I'm coming around to it being like getting a pair of industrial grade yak clippers. Yes, there will be a lot of shiny yaks, but the market for shiny yaks is low.
I'm a hot dog chef with over 20 years of experience. Credited with inventing 274 hot dog styles. International awards. World renowned and industry figure.
My entire team, very competent hot dog experts, was laid off after a hot dog cooking machine could do what took us 3 months, in just one day. I've been out of a job for 12 months. The reason? All hot dog making has been offloaded to Claudog Hotdog. "Sorry. Hot dog manual cooking is a thing of the past", one recruiter told me.
I'm working as a software engineer as we speak. I keep applying to hot dog related positions but I get no interviews. Even positions significantly below my pay grade and skillset. No one is hiring. Hot dog cooking is over. We are entering a new era.

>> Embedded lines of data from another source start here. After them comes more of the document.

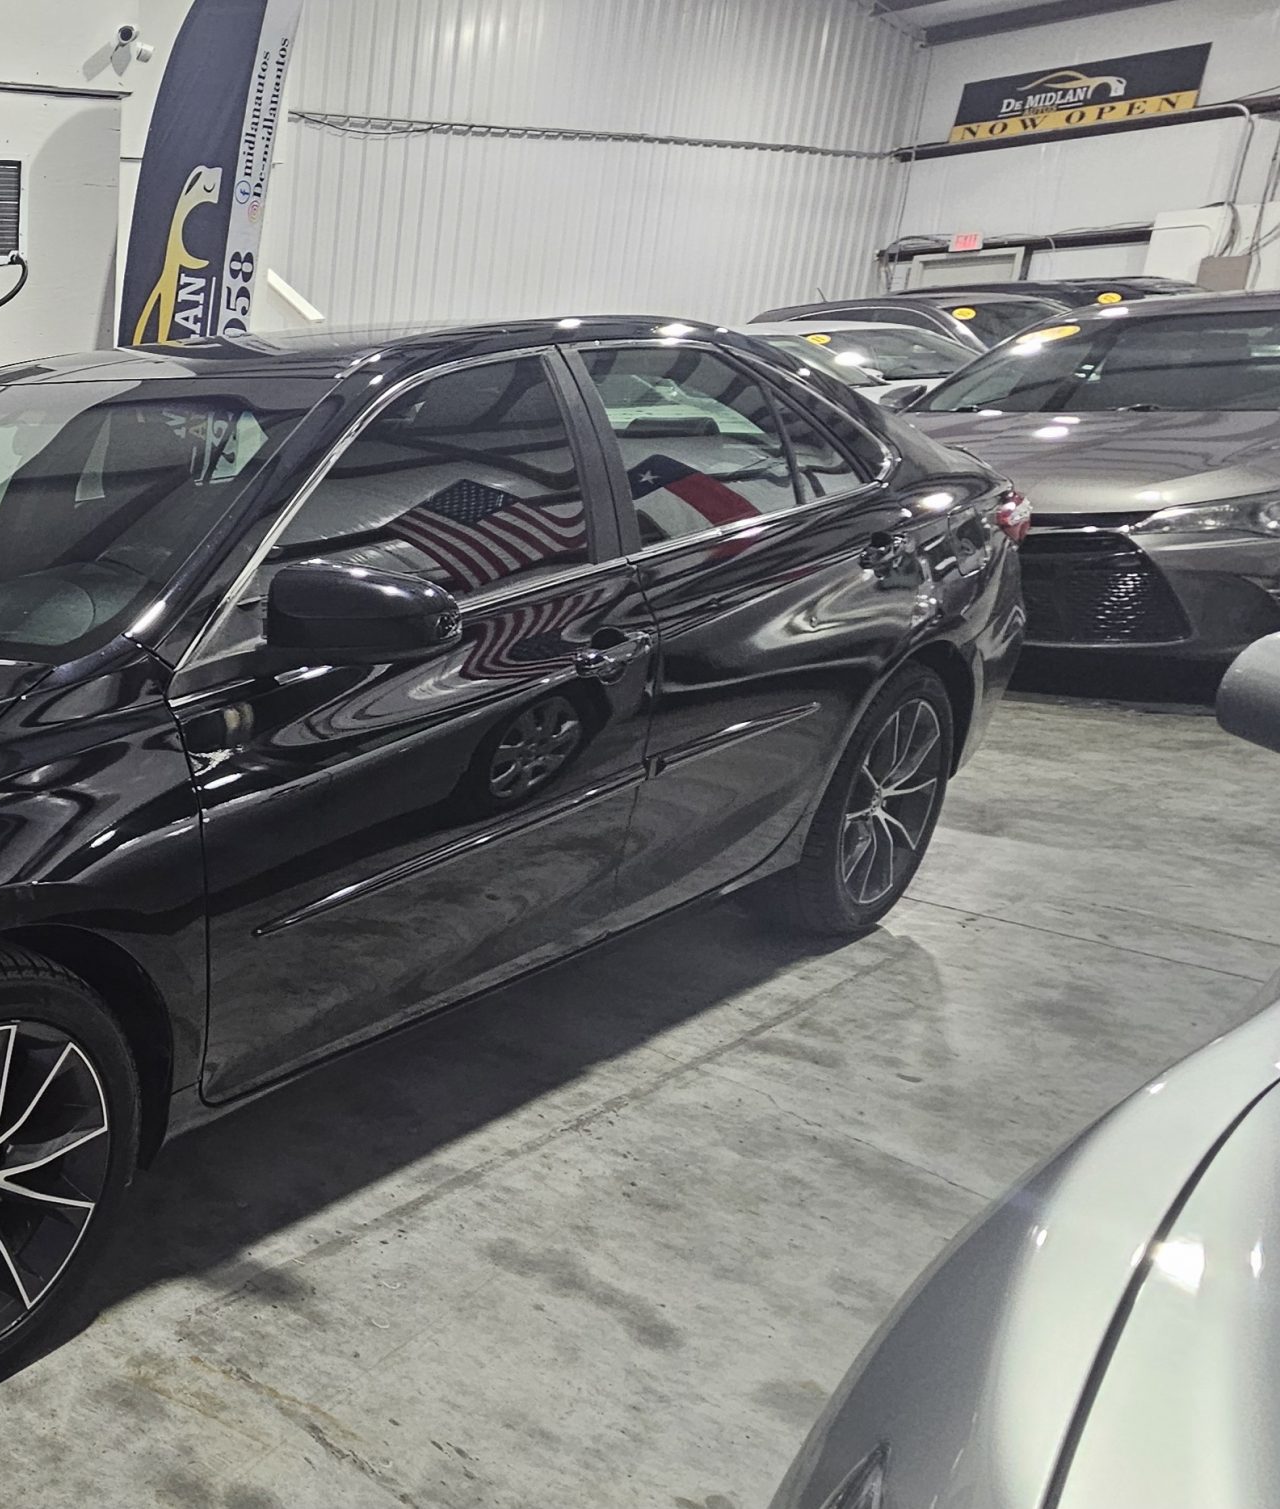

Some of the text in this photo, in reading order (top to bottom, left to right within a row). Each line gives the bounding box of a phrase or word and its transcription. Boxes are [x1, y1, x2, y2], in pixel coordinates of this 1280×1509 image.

[241, 50, 271, 178] midlanautos
[253, 37, 290, 198] De-midlanautos
[960, 95, 1182, 140] NOW OPEN
[1024, 87, 1088, 109] MIDLAN
[955, 233, 978, 250] EXIT
[174, 272, 207, 338] AN
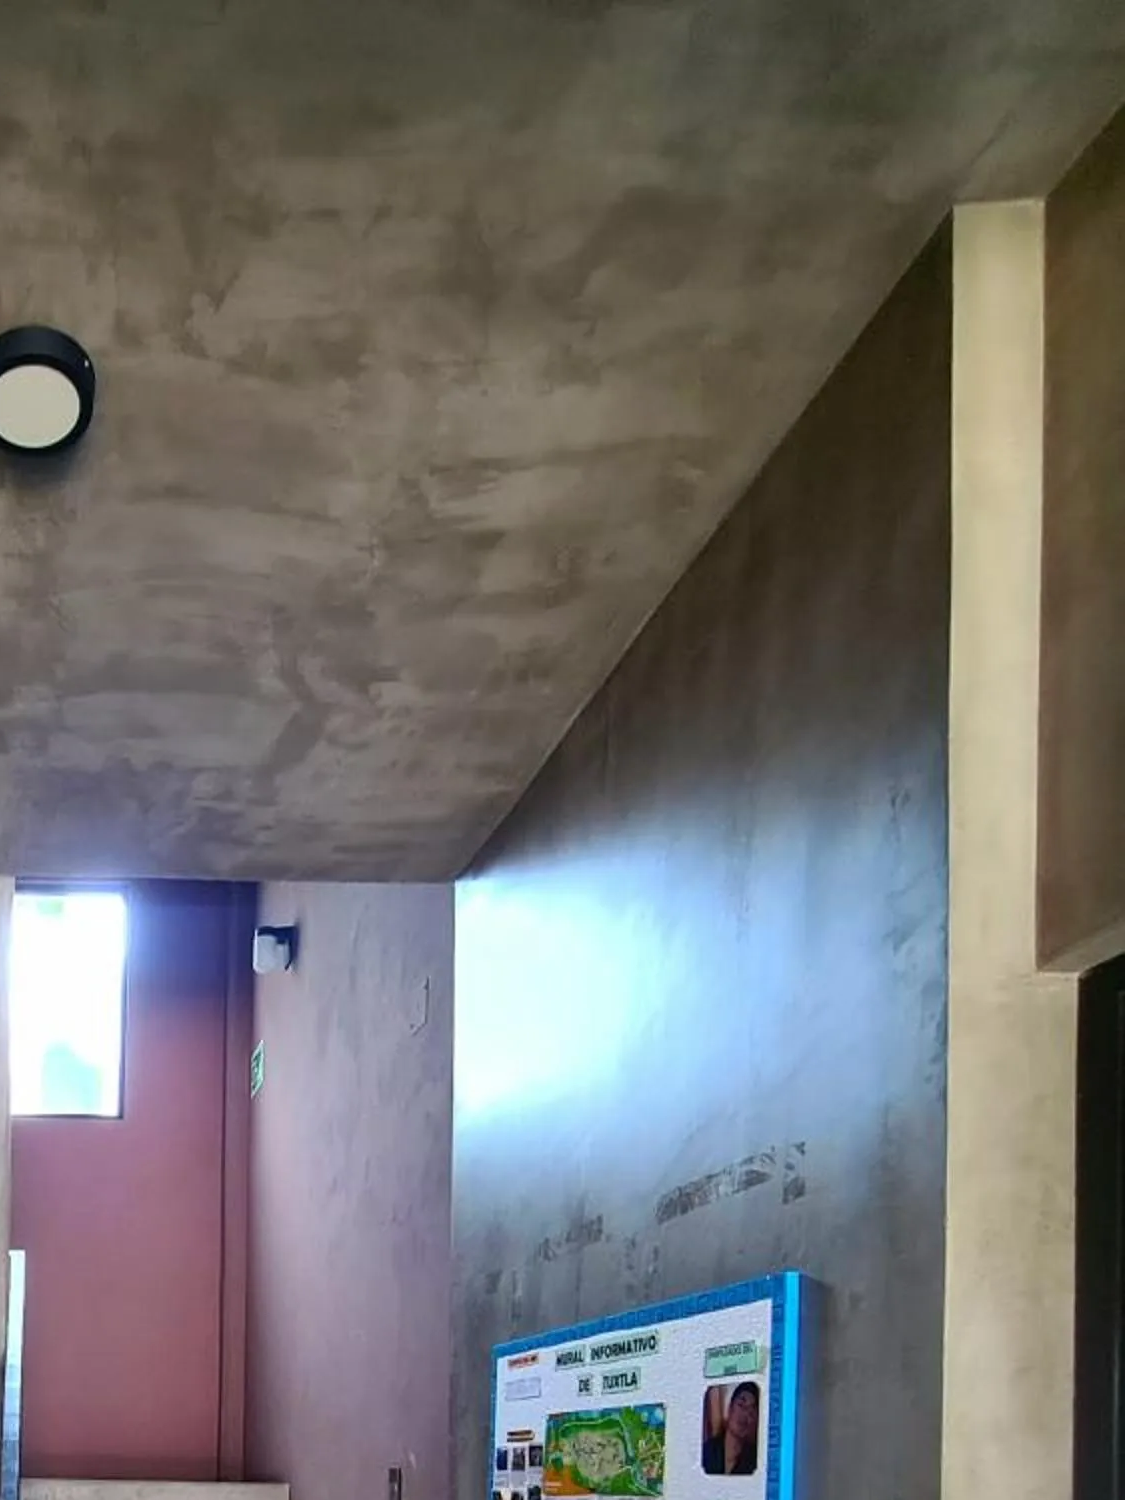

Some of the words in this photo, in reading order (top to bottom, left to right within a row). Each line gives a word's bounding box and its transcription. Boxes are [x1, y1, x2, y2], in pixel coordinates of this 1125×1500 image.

I'd take these options from several companies (all selling hotdogs) and wrap them up in Collateral Hotdog Obligations which I'd then offer to investors.
I build bicycles. I was shocked when our internal team built a bicycle that goes to the moon
We are afraid to release it to the public! And thus we are shutting down the company. We don't want humans polluting Moon and the atmosphere and space!

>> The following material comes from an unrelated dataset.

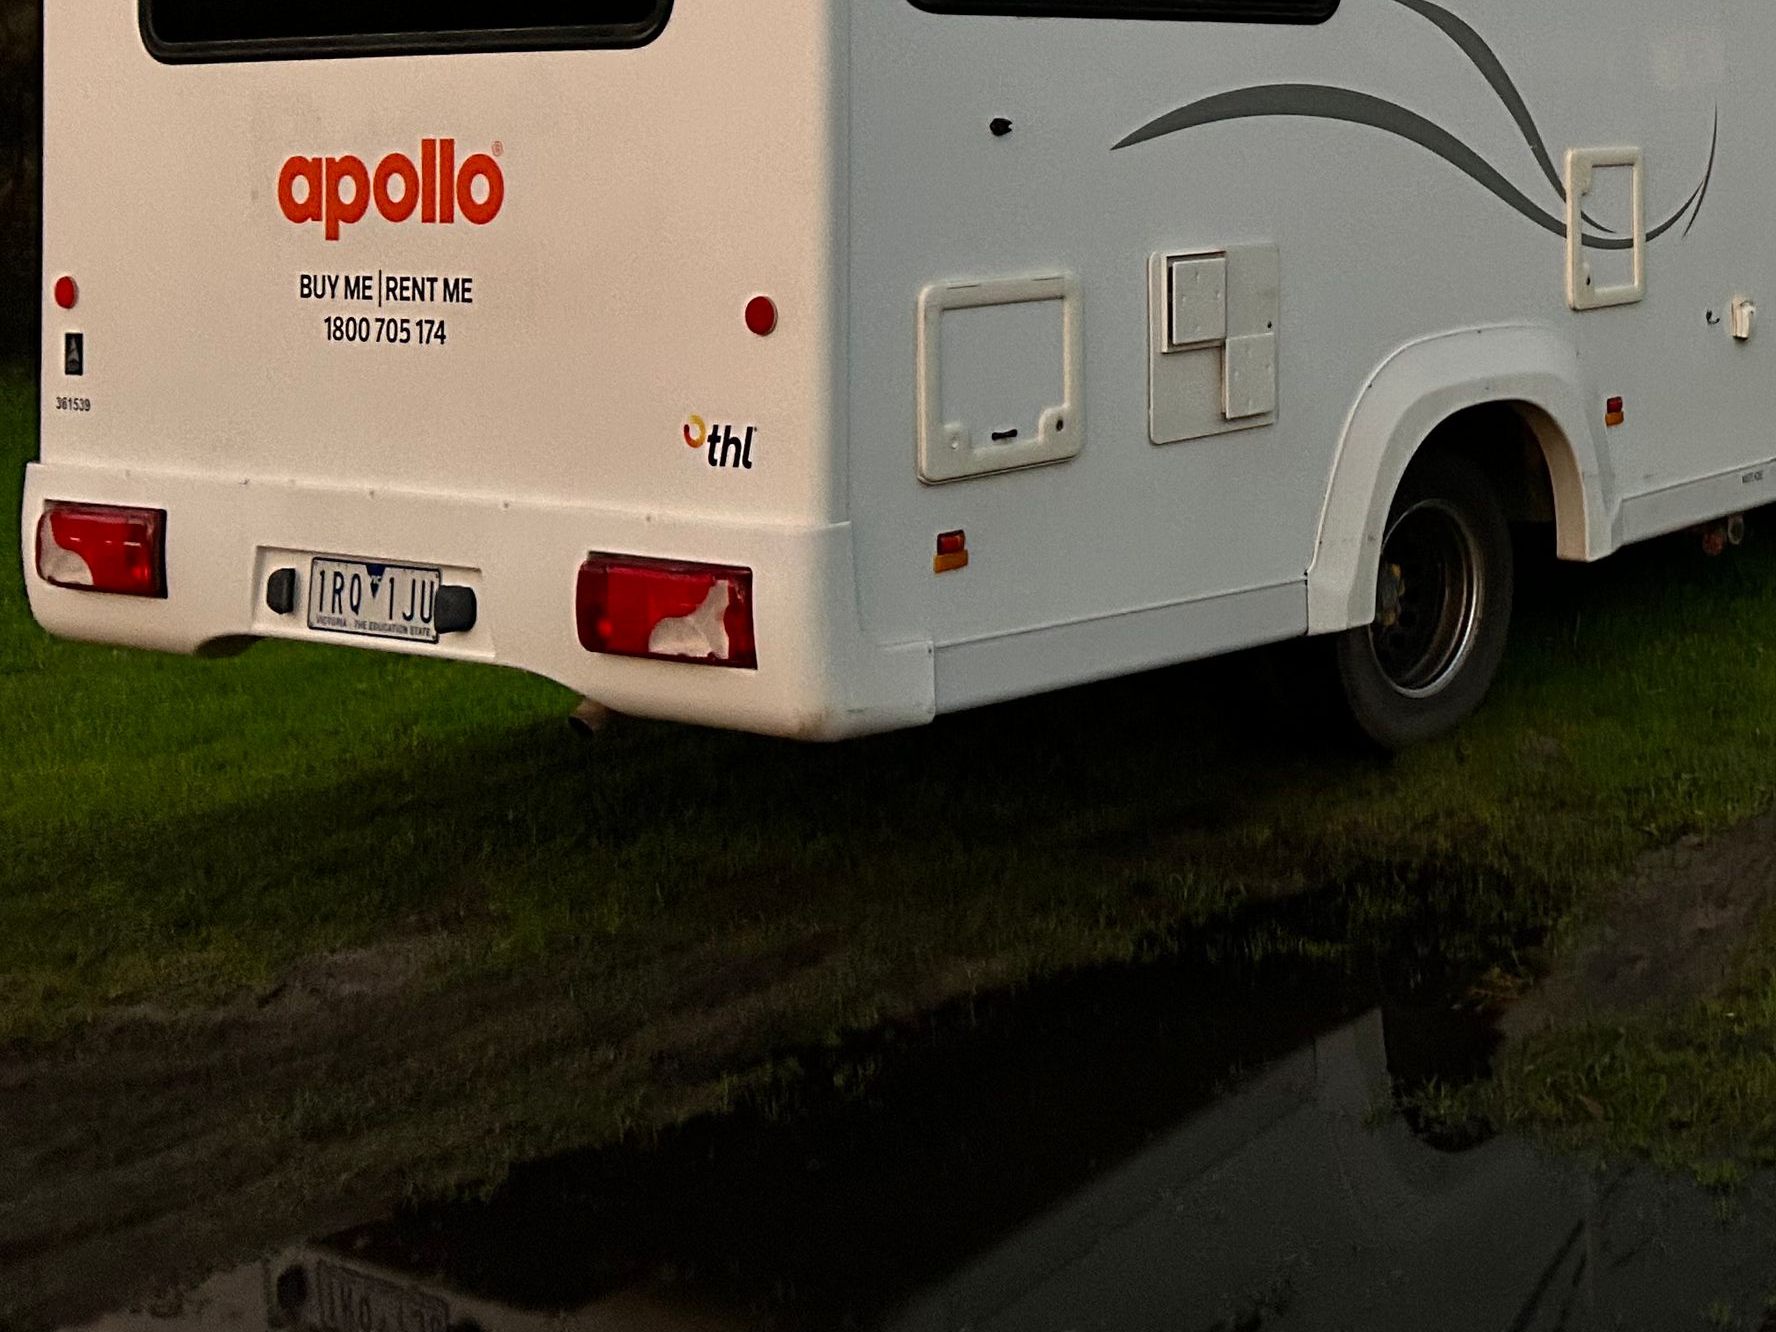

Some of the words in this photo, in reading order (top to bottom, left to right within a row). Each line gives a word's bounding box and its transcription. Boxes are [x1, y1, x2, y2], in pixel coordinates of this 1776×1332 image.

The main question is: what is demand elasticity for software?
If it low, and lower prices won’t generate much new demand, we should expect AI to improve engineering productivity, and for companies to reduce staff.
If it is high, then we should see companies hire more engineers, increase output and lower prices (and earn more).
Bureaucracy creates work so long as it owns the production function. In software that's typically through system upgrades, new API's, etc. The system will grow in internal complexity to its carrying capacity. You'd need someone who understands how to replace parts to prune, but they don't really have the incentive. This effect is reduced where software is less essential to the product, but any software-heavy product (particularly with a moat) will be more susceptible.
Companies try to manage it via CI/CD, outsourcing and internal competition, but no, companies can't magically reduce staff. They can, however, inject fear, which is good for reducing overt bureaucratic games, but actually increases covert bureaucracy and reduces knowledge-sharing, making the problem worse.
Only when incentives are aligned - when developers have an (equity) stake in growing the company - can the culture be open and efficient.
Every time the cost of software development has gone down due to higher level tools we've gotten higher software budgets, more software developers, and more released software. Demand appears to be effectively infinite.